Use it only **after** `map-this-repo` has produced an architecture summary. The whole bet of this
skill is: small, scoped, tested, reviewable — never a sweeping rewrite.
## When to use
When making a concrete change to an unfamiliar repo.
## Rules
- **One change, one branch.** Create a branch first (Module 6). Never work on the default branch.
- **Smallest diff that solves it.** Touch the fewest files possible. If the change wants to sprawl,
stop and re-scope — sprawl in code you don't understand is how you break things invisibly.
- **No drive-by edits.** Do not reformat, rename, or "clean up" unrelated code. Those bury the real
change and make the diff unreviewable (Module 10).

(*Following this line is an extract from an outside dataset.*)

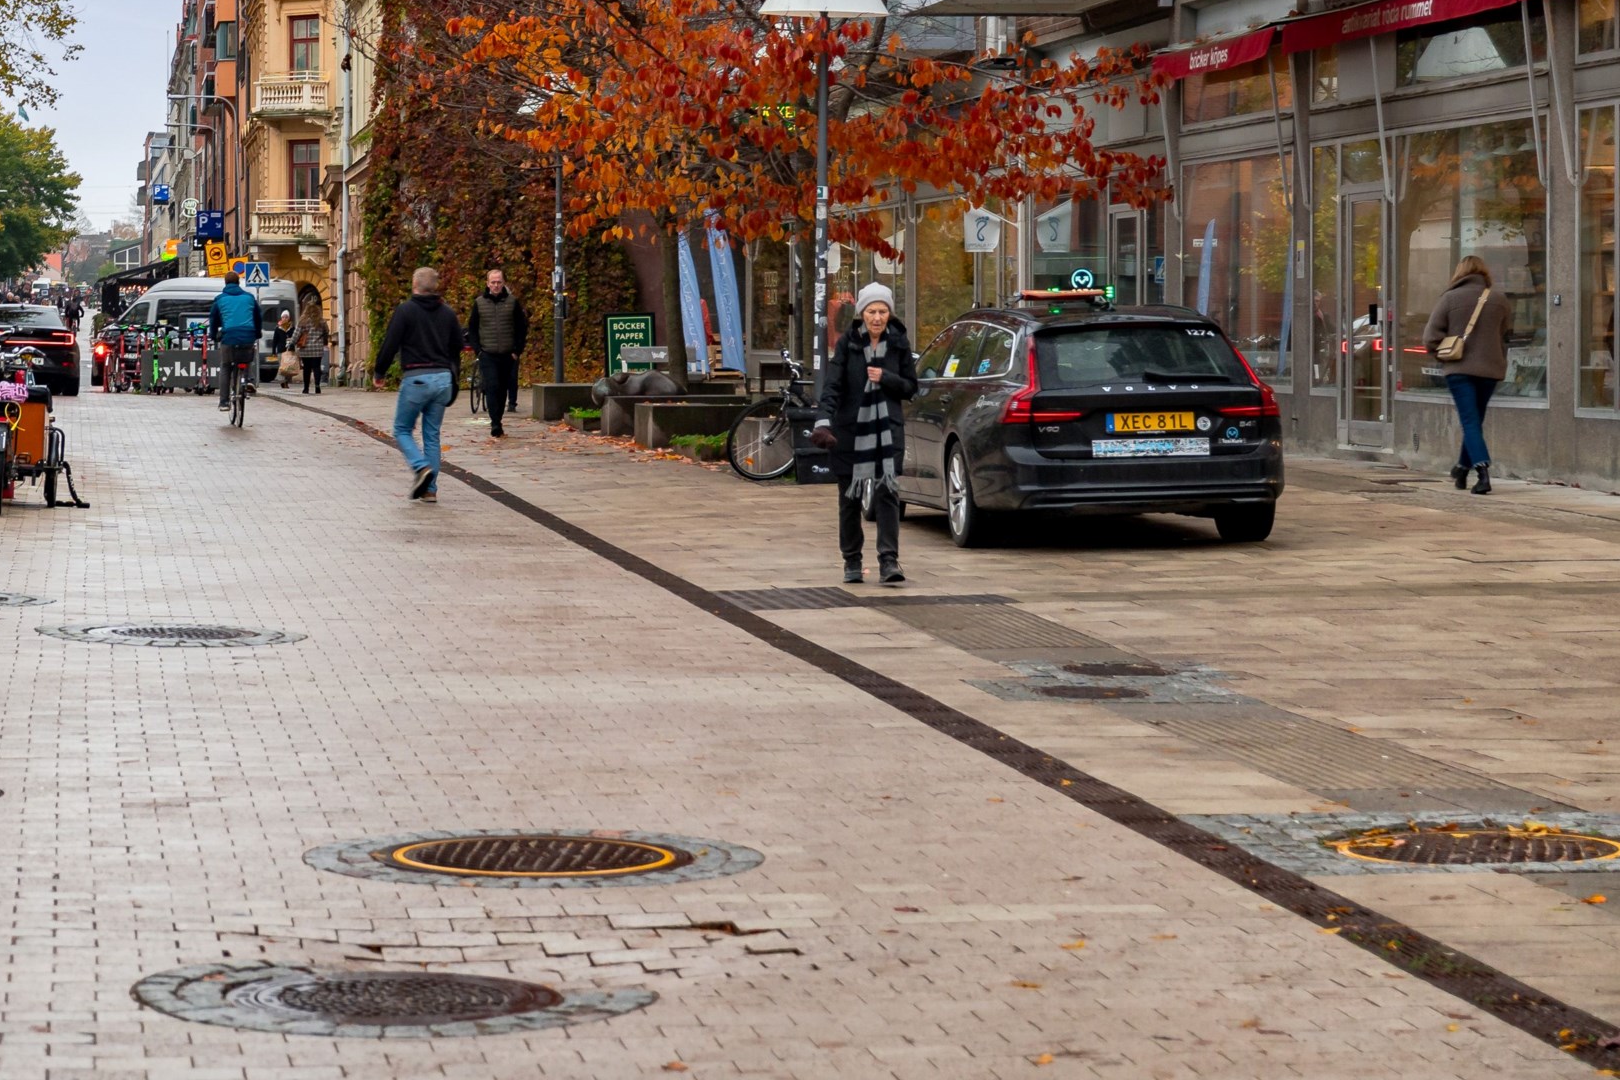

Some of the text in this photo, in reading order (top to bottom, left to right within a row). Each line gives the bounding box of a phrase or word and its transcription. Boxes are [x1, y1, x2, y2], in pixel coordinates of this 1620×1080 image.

- **Match local conventions.** Mirror the surrounding code's style, naming, and patterns — not your
own defaults.
- **Tests are the contract.** A change isn't done until it's covered (Module 13) and the existing
suite still passes.
## Steps
1. **State the change in one sentence** and the acceptance criterion ("done when X").
2. **Find the blast radius first:** search for every caller/usage of what you're about to touch.
List them. If you can't enumerate them, you're not ready to change it.
3. **Run the existing tests before touching anything** — establish a green baseline. If they were
already red, note it; don't let a pre-existing failure get blamed on you.
4. **Make the minimal edit.** Keep it to the files identified in step 2.
5. **Add or extend a test** that fails without your change and passes with it.
6. **Run the full suite.** All green, including the baseline tests.
7. **Self-review the diff** as if reviewing someone else's PR (Module 10): is every changed line
necessary and explained? Revert anything that isn't.
8. **Write the PR description:** what changed, why, blast radius, how it was tested, what you did
NOT touch and why.
## Stop conditions (escalate to a human instead of pushing on)
- The change requires touching more than ~3 files or a "core" file from the architecture summary.
- You can't enumerate the callers of what you're changing.
- A test you don't understand starts failing.
- The fix needs a design decision the existing code doesn't settle.